__Your assignment__: Set the entries down again exactly; none may be skipped.

__Input data__:

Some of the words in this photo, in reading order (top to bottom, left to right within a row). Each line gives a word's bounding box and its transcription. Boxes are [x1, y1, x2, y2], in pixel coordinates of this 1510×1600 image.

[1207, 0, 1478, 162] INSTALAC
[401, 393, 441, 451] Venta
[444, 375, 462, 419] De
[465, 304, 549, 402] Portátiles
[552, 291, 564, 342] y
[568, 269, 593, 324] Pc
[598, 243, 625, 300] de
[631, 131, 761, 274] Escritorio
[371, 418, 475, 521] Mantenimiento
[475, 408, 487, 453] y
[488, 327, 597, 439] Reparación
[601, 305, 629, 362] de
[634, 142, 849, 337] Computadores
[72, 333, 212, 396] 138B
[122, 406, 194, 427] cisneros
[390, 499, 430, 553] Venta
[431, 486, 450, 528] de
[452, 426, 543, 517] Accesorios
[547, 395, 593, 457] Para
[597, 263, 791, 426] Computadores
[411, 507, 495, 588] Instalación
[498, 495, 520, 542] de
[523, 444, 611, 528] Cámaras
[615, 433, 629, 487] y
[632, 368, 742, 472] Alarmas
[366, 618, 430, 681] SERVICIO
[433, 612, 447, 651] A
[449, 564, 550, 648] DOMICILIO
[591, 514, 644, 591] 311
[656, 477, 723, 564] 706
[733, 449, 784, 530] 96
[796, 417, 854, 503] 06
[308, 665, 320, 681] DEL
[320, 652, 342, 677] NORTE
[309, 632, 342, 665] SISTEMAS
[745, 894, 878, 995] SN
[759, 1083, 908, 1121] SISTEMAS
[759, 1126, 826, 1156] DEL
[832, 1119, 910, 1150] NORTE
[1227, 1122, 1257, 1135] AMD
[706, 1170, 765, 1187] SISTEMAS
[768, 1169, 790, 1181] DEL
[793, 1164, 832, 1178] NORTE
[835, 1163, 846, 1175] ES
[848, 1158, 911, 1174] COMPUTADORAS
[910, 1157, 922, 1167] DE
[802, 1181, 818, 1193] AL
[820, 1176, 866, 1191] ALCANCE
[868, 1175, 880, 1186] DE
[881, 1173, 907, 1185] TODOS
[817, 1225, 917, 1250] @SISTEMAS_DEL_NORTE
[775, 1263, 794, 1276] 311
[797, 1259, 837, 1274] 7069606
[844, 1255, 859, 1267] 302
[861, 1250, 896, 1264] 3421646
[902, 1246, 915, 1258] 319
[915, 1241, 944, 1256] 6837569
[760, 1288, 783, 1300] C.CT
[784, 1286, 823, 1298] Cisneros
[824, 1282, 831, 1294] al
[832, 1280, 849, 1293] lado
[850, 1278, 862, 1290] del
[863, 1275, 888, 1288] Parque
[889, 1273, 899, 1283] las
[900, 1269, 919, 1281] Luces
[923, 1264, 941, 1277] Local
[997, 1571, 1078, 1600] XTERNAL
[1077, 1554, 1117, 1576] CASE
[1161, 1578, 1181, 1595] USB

__Result of the task__:
Some of the words in this photo, in reading order (top to bottom, left to right within a row). Each line gives a word's bounding box and its transcription. Boxes are [x1, y1, x2, y2], in pixel coordinates of this 1510×1600 image.

[1207, 0, 1478, 162] INSTALAC
[401, 393, 441, 451] Venta
[444, 375, 462, 419] De
[465, 304, 549, 402] Portátiles
[552, 291, 564, 342] y
[568, 269, 593, 324] Pc
[598, 243, 625, 300] de
[631, 131, 761, 274] Escritorio
[371, 418, 475, 521] Mantenimiento
[475, 408, 487, 453] y
[488, 327, 597, 439] Reparación
[601, 305, 629, 362] de
[634, 142, 849, 337] Computadores
[72, 333, 212, 396] 138B
[122, 406, 194, 427] cisneros
[390, 499, 430, 553] Venta
[431, 486, 450, 528] de
[452, 426, 543, 517] Accesorios
[547, 395, 593, 457] Para
[597, 263, 791, 426] Computadores
[411, 507, 495, 588] Instalación
[498, 495, 520, 542] de
[523, 444, 611, 528] Cámaras
[615, 433, 629, 487] y
[632, 368, 742, 472] Alarmas
[366, 618, 430, 681] SERVICIO
[433, 612, 447, 651] A
[449, 564, 550, 648] DOMICILIO
[591, 514, 644, 591] 311
[656, 477, 723, 564] 706
[733, 449, 784, 530] 96
[796, 417, 854, 503] 06
[308, 665, 320, 681] DEL
[320, 652, 342, 677] NORTE
[309, 632, 342, 665] SISTEMAS
[745, 894, 878, 995] SN
[759, 1083, 908, 1121] SISTEMAS
[759, 1126, 826, 1156] DEL
[832, 1119, 910, 1150] NORTE
[1227, 1122, 1257, 1135] AMD
[706, 1170, 765, 1187] SISTEMAS
[768, 1169, 790, 1181] DEL
[793, 1164, 832, 1178] NORTE
[835, 1163, 846, 1175] ES
[848, 1158, 911, 1174] COMPUTADORAS
[910, 1157, 922, 1167] DE
[802, 1181, 818, 1193] AL
[820, 1176, 866, 1191] ALCANCE
[868, 1175, 880, 1186] DE
[881, 1173, 907, 1185] TODOS
[817, 1225, 917, 1250] @SISTEMAS_DEL_NORTE
[775, 1263, 794, 1276] 311
[797, 1259, 837, 1274] 7069606
[844, 1255, 859, 1267] 302
[861, 1250, 896, 1264] 3421646
[902, 1246, 915, 1258] 319
[915, 1241, 944, 1256] 6837569
[760, 1288, 783, 1300] C.CT
[784, 1286, 823, 1298] Cisneros
[824, 1282, 831, 1294] al
[832, 1280, 849, 1293] lado
[850, 1278, 862, 1290] del
[863, 1275, 888, 1288] Parque
[889, 1273, 899, 1283] las
[900, 1269, 919, 1281] Luces
[923, 1264, 941, 1277] Local
[997, 1571, 1078, 1600] XTERNAL
[1077, 1554, 1117, 1576] CASE
[1161, 1578, 1181, 1595] USB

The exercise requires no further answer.